Bis zur Verabschiedung des ERISA-Gesetzes im Jahr 1974 waren Pensionsfonds im Allgemeinen auf relativ sichere Investitionen beschränkt. ERISA änderte dies, indem es anerkannte, dass eine „umsichtige Person“ in der Regel ein Portfolio wünschen würde, das eine Mischung widerspiegelt, die auch einige riskantere Instrumente enthält.

Dies löste eine wachsende Flut von Pensionsfondsgeldern in Risikokapitalfonds aus. Ohne sie wäre das Silicon Valley, wie wir es heute kennen, undenkbar gewesen.

Die EU befindet sich heute in einer weitgehend gleichen Lage wie die USA vor dem ERISA-Abkommen – und dies ist ein wesentlicher Grund, warum ein „europäisches Silicon Valley“ derzeit undenkbar ist.
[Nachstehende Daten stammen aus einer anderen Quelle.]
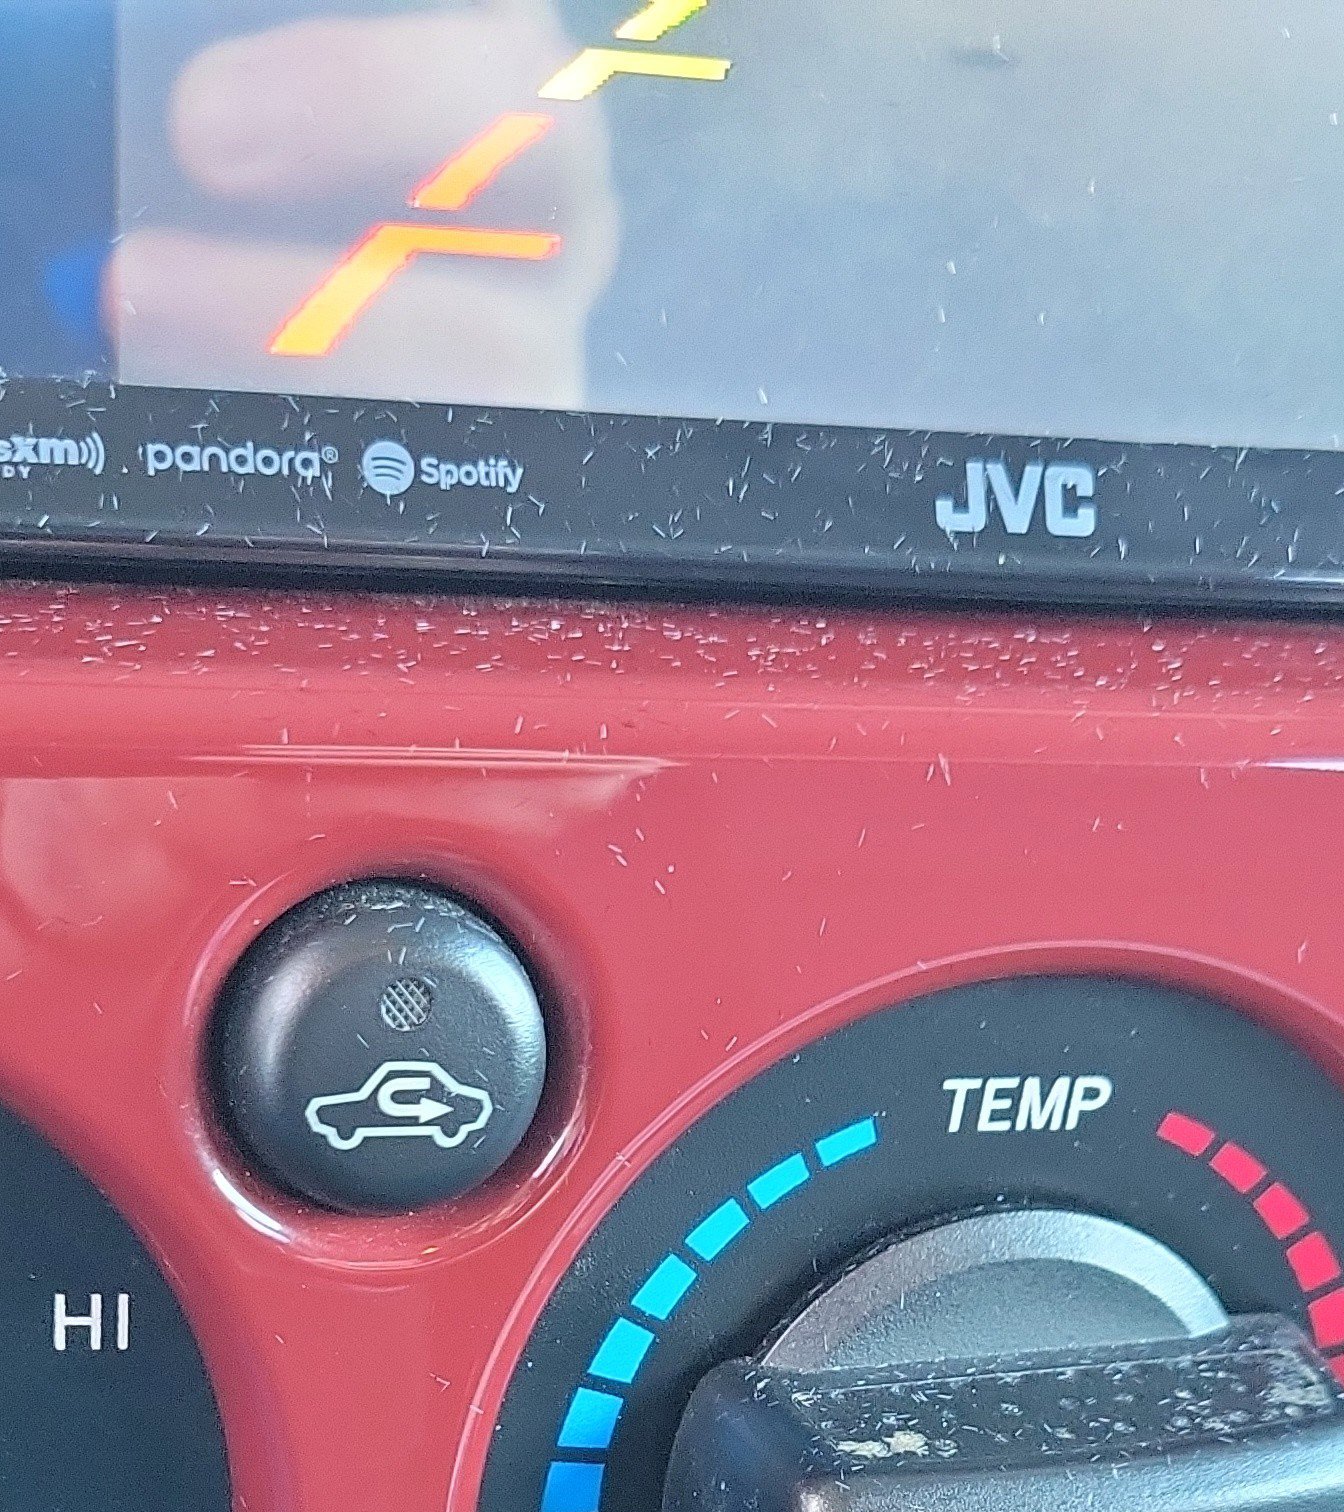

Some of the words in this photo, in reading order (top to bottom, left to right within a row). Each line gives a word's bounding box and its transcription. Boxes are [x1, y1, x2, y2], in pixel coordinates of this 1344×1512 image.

Doch das muss nicht so sein. Die Pensionsfonds der EU halten Vermögenswerte von rund 4 Billionen Euro, während die Versicherungsunternehmen (bei denen einige Pensionspläne Pensionspläne sind) Vermögenswerte von rund 9 Billionen Euro haben. Pensionsfonds investieren jedes Jahr Milliarden in Risikokapital, doch diese scheinbar großen Investitionen sind in Wirklichkeit Peanuts – was sie pro Jahr investieren, beträgt weniger als ein Hundertstel von 1% ihrer Vermögenswerte.

Es gibt keinen Mangel an vielversprechenden EU-Unternehmen, in die investiert werden könnte. Tatsächlich werden in der EU jedes Jahr mehr Start-ups gegründet als in den USA, und die Rendite von Risikokapitalinvestitionen ist in der EU um etwa 6 Prozent höher. Risikokapital bietet hohe Renditen, im Durchschnitt etwa 29 Prozent, bei überraschend geringer Volatilität.
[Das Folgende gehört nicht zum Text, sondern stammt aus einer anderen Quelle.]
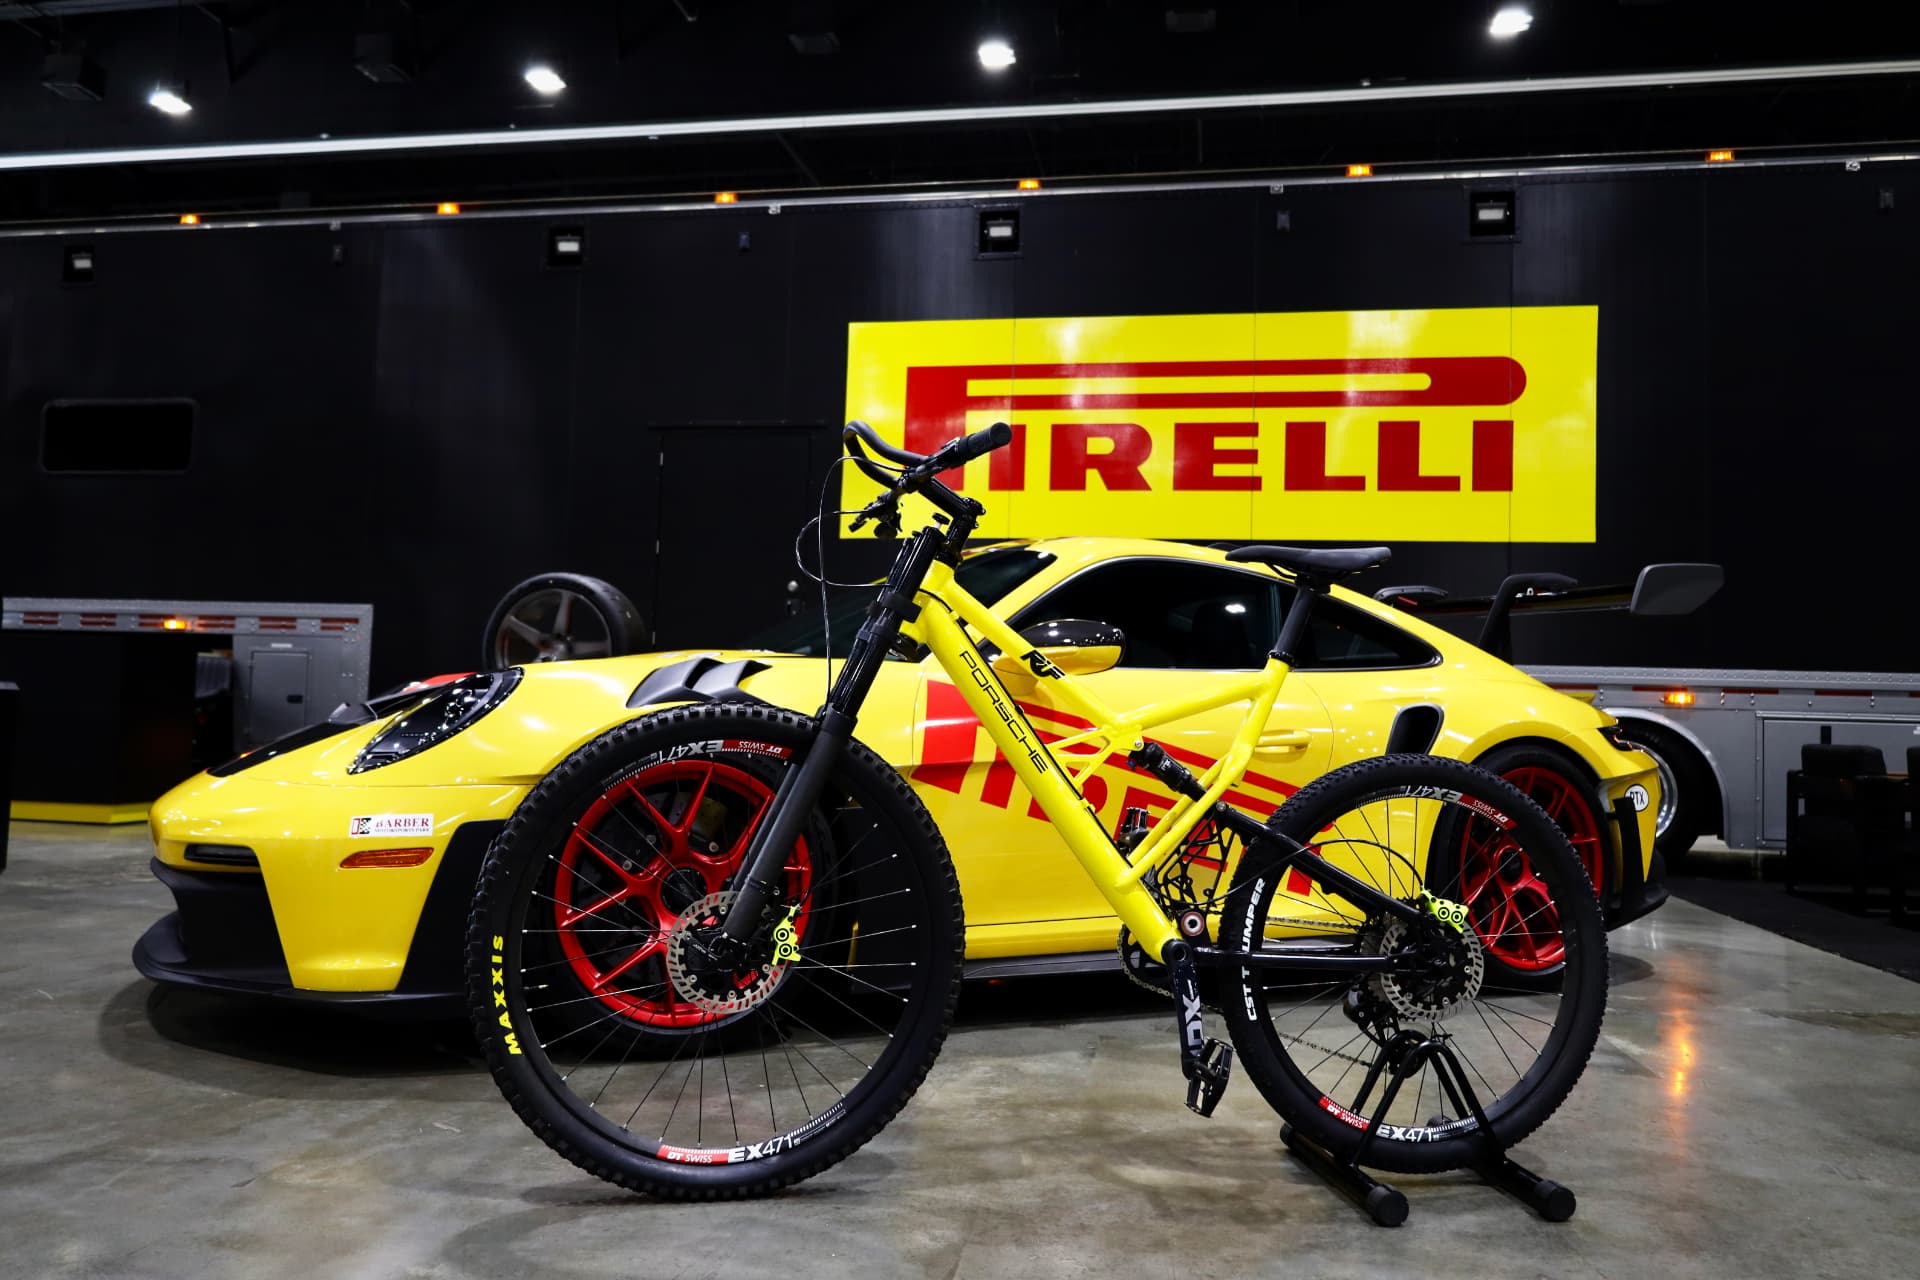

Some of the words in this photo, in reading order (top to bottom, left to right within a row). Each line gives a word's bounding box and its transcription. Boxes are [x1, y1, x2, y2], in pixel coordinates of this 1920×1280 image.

[905, 356, 1527, 492] PIRELLI
[960, 651, 1048, 774] PORSCHE
[658, 739, 724, 763] EX471
[738, 740, 766, 750] SWISS
[766, 745, 783, 754] DT
[911, 680, 1338, 897] PIELI
[1405, 785, 1463, 803] EX471
[1473, 799, 1495, 815] SWISS
[1494, 812, 1508, 823] DT
[376, 817, 430, 828] BARBER
[1241, 877, 1266, 979] TUMPER
[492, 935, 522, 1055] MAXXIS
[1243, 983, 1258, 1021] CST
[1327, 1104, 1340, 1116] DT
[1340, 1113, 1364, 1129] SWISS
[1376, 1124, 1432, 1142] EX471
[667, 1151, 684, 1160] DT
[684, 1153, 713, 1164] SWISS
[728, 1134, 793, 1164] EX471
Klare und unkomplizierte Maßnahmen erforderlich

Es wäre naheliegend, darauf zu reagieren, dass Pensionsfonds künftige Rentner keinem Risiko aussetzen sollten, aber das geht am Thema vorbei. Jeder Anlageberater würde jedem Unternehmen oder jedem Haushalt sagen, dass ein Portfolio mit einer Mischung aus Risiko-Rendite-Profilen diversifiziert werden sollte, die den Anlagezielen des Anlegers entsprechen.

Die Pensionsfonds haben das verstanden und die meisten von ihnen würden gern von den allzu restriktiven Anlagevorschriften der Mitgliedstaaten befreit werden.

Und eine Verzwanzigfachung der aktuellen Investitionen der Pensionsfonds würde zwar den jährlichen Beitrag zum Risikokapital in der EU ungefähr verdreifachen, würde aber immer noch weniger als zwei Zehntel Prozent der Vermögenswerte der Pensionsfonds ausmachen.

Dieselbe Logik gilt für künftige Rentner – ein ausgewogenes Portfolio mit einem Mix aus Instrumenten würde ihnen tendenziell zugute kommen, insbesondere wenn der Ruhestand noch weiter entfernt ist.

Der in Europa anhaltende Wandel von Rentensystemen mit Leistungszusagen hin zu Rentensystemen mit Beitragszusagen, verbunden mit einer Abkehr von sogenannten Pay-as-you-go-Plänen (PAYG-Plänen), bietet sich für Pläne an, bei denen künftige Rentner ihre Investitionen so steuern können, dass sie ihrer individuellen Risikobereitschaft und ihren Anlagebedürfnissen entsprechen.

Man macht sich vielleicht Sorgen um diejenigen, die kurz vor der Rente stehen, aber einfache Regeln oder Richtlinien könnten sie davon abhalten oder entmutigen, unklug in risikoreiche Instrumente zu investieren.

Die Maßnahmen, die nötig wären, damit die EU große digitale Champions hervorbringen kann, sind klar und unkompliziert. Sie würden nicht nur Europas digitalem Sektor, sondern auch unseren Pensionsfonds, unserem Versicherungssektor und unseren künftigen Rentnern zugutekommen.

Die einzigen Hindernisse, die dem im Weg stehen, sind die europäische Ängstlichkeit und der Konservativismus sowie das Fehlen eines konkreten politischen Programms zur Umsetzung der notwendigen Veränderungen.

J. Scott Marcus ist Ökonom, Ingenieur und Politikanalyst. Er ist Associate Senior Research Fellow in der Abteilung Global Governance, Regulation, Innovation and Digital Economy (GRID) am Centre for European Policy Studies (CEPS).